The deployment of ZEP plants will have an impact on the generation cost of electricity. However, it is not yet clear how much effect this will have on the competitiveness of the European economy. The penetration of ZEP plants to its maximum potential could bring about an increase of the overall production cost of electricity up to 5.5% in 2030, with respect to the baseline. On the other hand, the development of ZEP plant technology in the EU will make Europe a world leader in the energy technology markets, increasing the potential for exports and hence benefit the competitiveness of the European industry and will create business opportunities.

Barriers

The high cost of first-of-a-kind plants, needed for demonstrating key technological components and building confidence on CO2 emission reduction potentials has been cited as one of the main barriers to progressing further with the technology. Other key issues that need to be addressed include the lack of an enabling framework that tackles among others the permitting of storage sites and uncertainties in carbon prices and the emissions trading scheme, the lack of business plans for evaluating carbon value chains, and public acceptance. The further development and up-scaling of capture technologies necessitates a significant additional R&D effort. Focal points of additional work in capture and storage are the improvement of power plant efficiency, which will also benefit conventional power plants; the reduction of capital costs so that the capture cost can fall below €20-30 per tonne of CO2 avoided; the development of innovative and more cost-effective capture processes; the development of new materials, including membranes; the better integration of plant components with a concurrent increase in plant availability; the assessment of the European CO2 storage capacity; the safety of storage; monitoring of storage sites for leakage; and the long term assurance of the permanence of storage.

Needs

The development of a regulatory market framework and of appropriate policies that will give positive signals to the power sector to invest in ZEP plant technology is a requirement for the further development and deployment of the technology. Of equal importance is the research for the up-scaling and further development of technology. Finally, the financing and regulation of the infrastructure for CO2 transport and storage will need to be addressed on both the European level and the Member State level.

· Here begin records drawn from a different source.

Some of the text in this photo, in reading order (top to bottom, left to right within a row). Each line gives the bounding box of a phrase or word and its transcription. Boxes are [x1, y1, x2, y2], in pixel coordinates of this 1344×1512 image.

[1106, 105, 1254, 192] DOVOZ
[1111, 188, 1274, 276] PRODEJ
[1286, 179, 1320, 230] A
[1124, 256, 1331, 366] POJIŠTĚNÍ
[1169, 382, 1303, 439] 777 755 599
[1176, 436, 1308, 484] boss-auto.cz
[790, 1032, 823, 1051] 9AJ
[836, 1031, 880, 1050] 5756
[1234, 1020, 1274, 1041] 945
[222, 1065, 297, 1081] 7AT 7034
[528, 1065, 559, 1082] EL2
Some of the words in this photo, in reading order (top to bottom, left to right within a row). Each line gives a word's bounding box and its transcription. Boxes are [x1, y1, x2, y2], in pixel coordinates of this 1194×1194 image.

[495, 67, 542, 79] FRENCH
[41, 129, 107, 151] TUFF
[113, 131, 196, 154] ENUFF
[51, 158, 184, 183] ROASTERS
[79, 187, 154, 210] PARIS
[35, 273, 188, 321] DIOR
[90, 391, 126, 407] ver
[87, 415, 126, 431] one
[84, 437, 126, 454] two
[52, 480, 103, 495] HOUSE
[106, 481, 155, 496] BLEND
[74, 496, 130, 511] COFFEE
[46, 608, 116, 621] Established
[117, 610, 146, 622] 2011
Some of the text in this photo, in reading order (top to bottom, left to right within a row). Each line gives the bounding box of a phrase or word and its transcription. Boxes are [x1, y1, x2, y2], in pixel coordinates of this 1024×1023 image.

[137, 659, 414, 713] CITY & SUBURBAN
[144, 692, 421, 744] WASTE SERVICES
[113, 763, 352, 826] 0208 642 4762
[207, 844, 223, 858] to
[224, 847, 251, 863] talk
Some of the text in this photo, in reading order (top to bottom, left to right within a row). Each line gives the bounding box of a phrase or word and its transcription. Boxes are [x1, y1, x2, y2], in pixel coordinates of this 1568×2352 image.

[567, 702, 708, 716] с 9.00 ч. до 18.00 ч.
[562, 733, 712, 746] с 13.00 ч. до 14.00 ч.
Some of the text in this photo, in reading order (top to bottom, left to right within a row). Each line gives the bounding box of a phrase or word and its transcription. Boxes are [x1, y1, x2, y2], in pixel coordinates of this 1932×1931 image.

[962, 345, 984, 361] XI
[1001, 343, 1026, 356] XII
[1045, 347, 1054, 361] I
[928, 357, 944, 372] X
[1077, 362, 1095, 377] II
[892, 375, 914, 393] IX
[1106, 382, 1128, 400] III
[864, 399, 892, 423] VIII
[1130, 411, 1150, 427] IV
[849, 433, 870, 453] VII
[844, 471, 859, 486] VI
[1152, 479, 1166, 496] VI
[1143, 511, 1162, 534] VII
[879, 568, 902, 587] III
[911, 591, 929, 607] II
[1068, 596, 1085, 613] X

Synergies with other sectors

Hydrogen has been identified as one of the possible additional products that could give an added value to ZEP plants operating in a poly-generation scheme based on gasification technology, producing also other synthetic fuels, including natural gas. The excess hydrogen available in the market combined with the current hydrogen prices and the power industry forecasts for the development of a hydrogen market in the near and medium term do not however give the right signal to the companies in the power sector to get involved in hydrogen production. Additionally, enhanced interactions with the materials research community can facilitate the development of new materials needed for efficiency improvements and cost reductions.

NUCLEAR FISSION POWER GENERATION

Technological state of the art and anticipated developments

Nuclear fission energy is a competitive and mature low-carbon technology, operating to high levels of safety within the EU. Most of the current designs are Light Water Reactors (LWR), capable of providing base-load electricity often with availability factors of over 90%. With the aging of Europe’s power generation capacity in general there is an urgent need for investment to meet the expected energy demand and to replace infrastructures. It is estimated that an investment of around 900 billion Euros will be needed in the next 25 years for power generation alone in order to provide the 400GWe of additional and replacement capacity that will be required in that time frame. It is reasonable to assume that out of these 400GWe, about 100GWe will be nuclear Generation III (Gen-III) LWR plants, representing an investment of 150G€ over 20 years (for an average Overnight Construction Cost – OVN – of 1500€/kWe). However, the further expected global expansion of the LWR fleet has repercussions regarding availability of uranium resources. Current estimated exploitable reserves are in the range of 15Mt. The present global rate of consumption of about 67000t/y will rise to an anticipated 90000t/y in 2025 for an installed world nuclear capacity of between 449 and 553GWe. Assuming the installed nuclear capacity increases linearly up to 1300GWe in 2050, the current known uranium resources would be completely earmarked for the LWR fleet by this date. This underlines the need to develop the technology for a new generation (Gen-IV) of fast reactors better able to exploit the resources (typically multiplying the energy production by more than 50 for the same quantity of uranium) and thus achieve much greater sustainability of nuclear energy.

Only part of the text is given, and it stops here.